ARPA-H Moonshot Project Aims To Enable 3D Printing Of Human Organs

The field of therapeutic cloning has long sought to provide a way to create replacement organs and tissues from a patient’s own cells, with the most recent boost coming from the US Advanced Research Projects Agency for Health (ARPA-H) and a large federal contract awarded to Stanford University.

Patients on the organ donation waiting list in the US (Source: HRSA)
Patients on the organ donation waiting list in the US (Source: HRSA)

The creatively named Health Enabling Advancements through Regenerative Tissue Printing (HEART) project entails a 26.3 million USD grant that will be used to create a functioning bioprinter backed by a bank of bioreactors. Each bioreactor will cultivate a specific type of cell, which will then be ‘printed’ in its proper place to gradually build up the target organ or tissue. The project’s five year goal is the printing of a fully functioning human heart and implanting it into a pig.

Assuming this is successful, the general procedure can then be refined to allow for testing with human patients, as well as the bioprinting of not just hearts, but also lungs, kidneys and much more. The lead investigator at Stanford University, [Mark Skylar-Scott], cautions that use with human patients is likely to be still decades off. But the lifesaving potential of this technology, once matured, is staggering. This is highlighted by data from the US HRSA, with over 42,000 transplants in 2022 in the US alone, with over a hundred-thousand patients waiting and 17 people who die each day before an organ becomes available.

9 thoughts on “ARPA-H Moonshot Project Aims To Enable 3D Printing Of Human Organs

    1. “create replacement organs and tissues from a patient’s own cells”

      – Much better than a lifetime of immunosuppressants. Animal organs with the gene for alpha-gal removed promise to be a game changer, an unlimited on-demand transplant source that will be available much earlier than the 3d printed organs mentioned here. So they are definitely worth the effort. Organs printed from the patient’s own cells however, when and if they arrive will be much better yet.

    2. We still have problems with transplants when donors are of a different race than the patient. Tossing a pig heart into a man is still too early days and will likely never work quite right. These are human organs, not a carburetor.

      1. But they already did it.

        Ok, I know, it wasn’t for very long and the human involved, being brain dead couldn’t stress it with any physical activity. But now we know that at the very least it can sometimes keep a person alive for some amount of time. Worst case that could give one more time for a human heart to become available.

        Or maybe it will just work well enough to keep. Don’t knock it before it’s been tested.

        Remember, they can keep tweaking the genes of those pigs if they find more problems. That is rather frowned upon with human donors, plus they take a lot longer to mature.
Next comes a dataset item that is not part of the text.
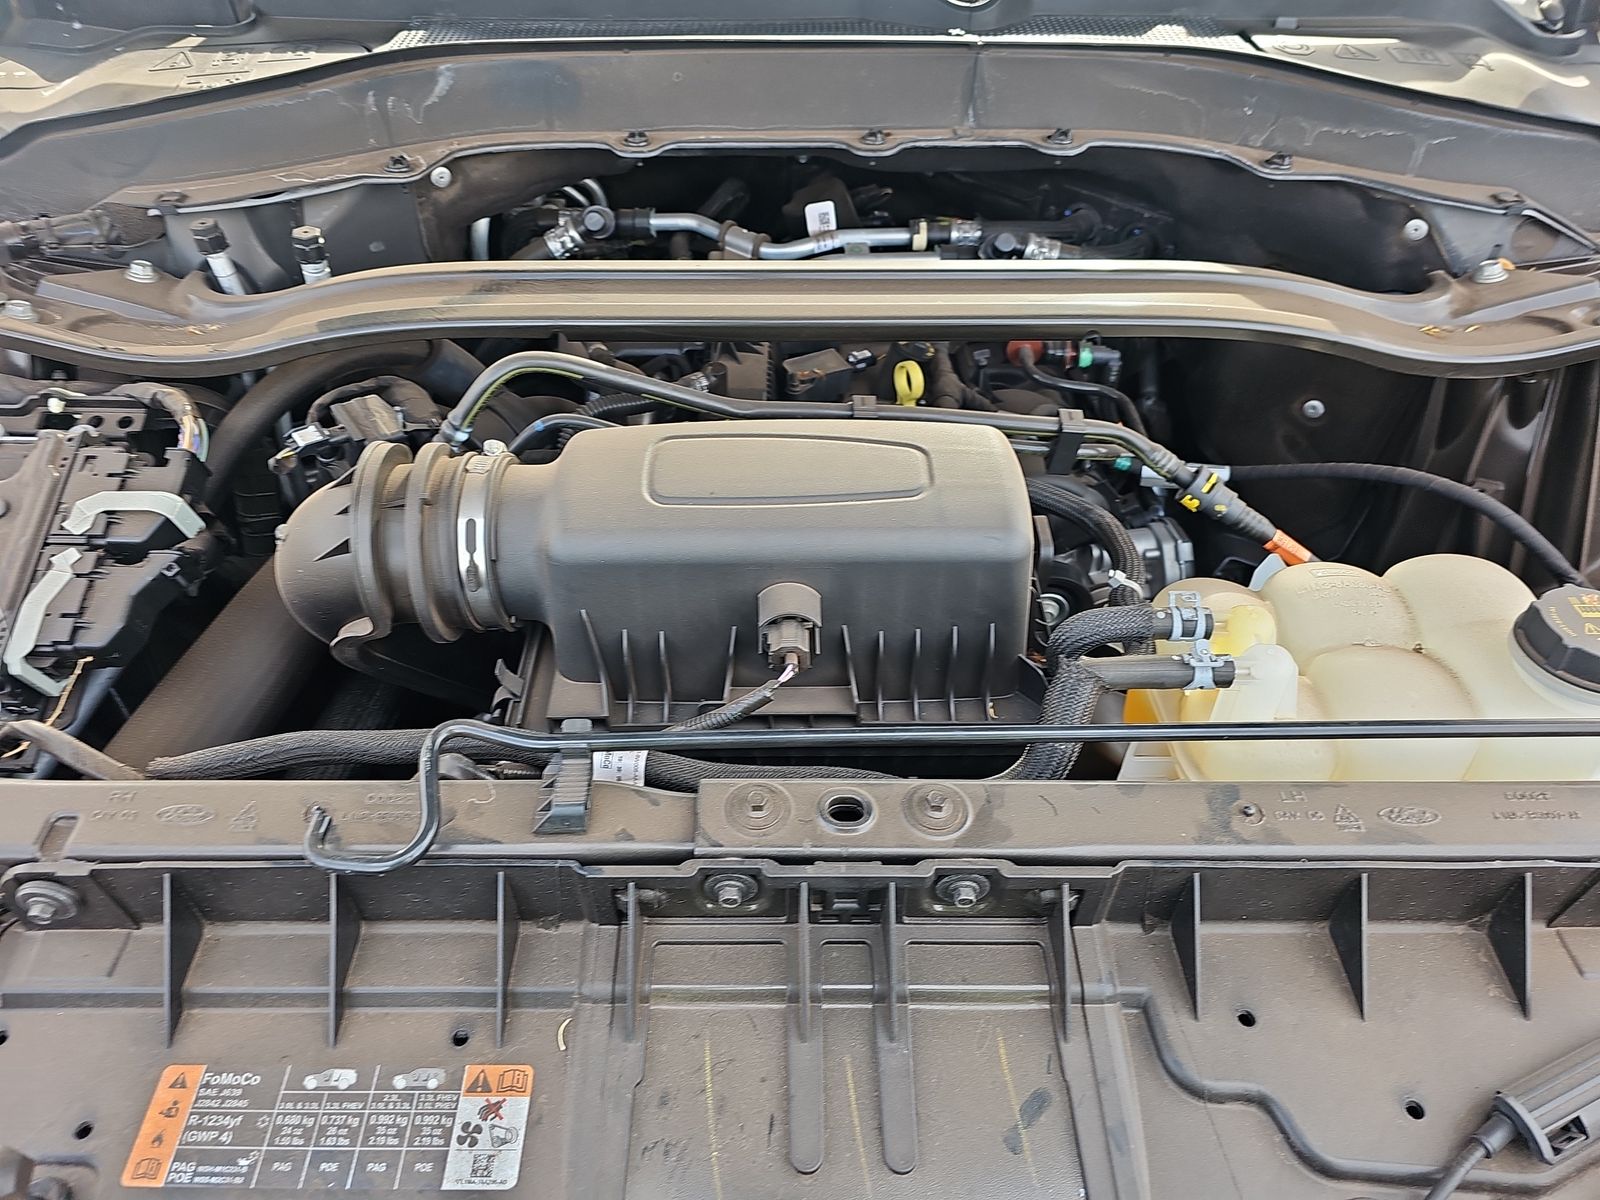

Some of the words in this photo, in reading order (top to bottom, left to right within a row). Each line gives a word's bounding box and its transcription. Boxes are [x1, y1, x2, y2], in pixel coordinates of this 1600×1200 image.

        Well… absolute worst case… it only works for the most pig-like humans and we end up with longer lived maga.

  1. I eat meat.
    Sometimes I even kill it myself.
    Genetically modified animals being farmed for organ transplants… Doesn’t bother me.
    Animals used for testing in the many iterations of failures that will likely occur before there is a successful functioning heart… Well, that’s what it takes. I certainly would want this to be available if/when I need it.

    Knowing that that one pig who gets the first of these hearts to actually work will probably only live for days then be killed in order to study the heart… Oh come on! Give that one a long and happy life at least!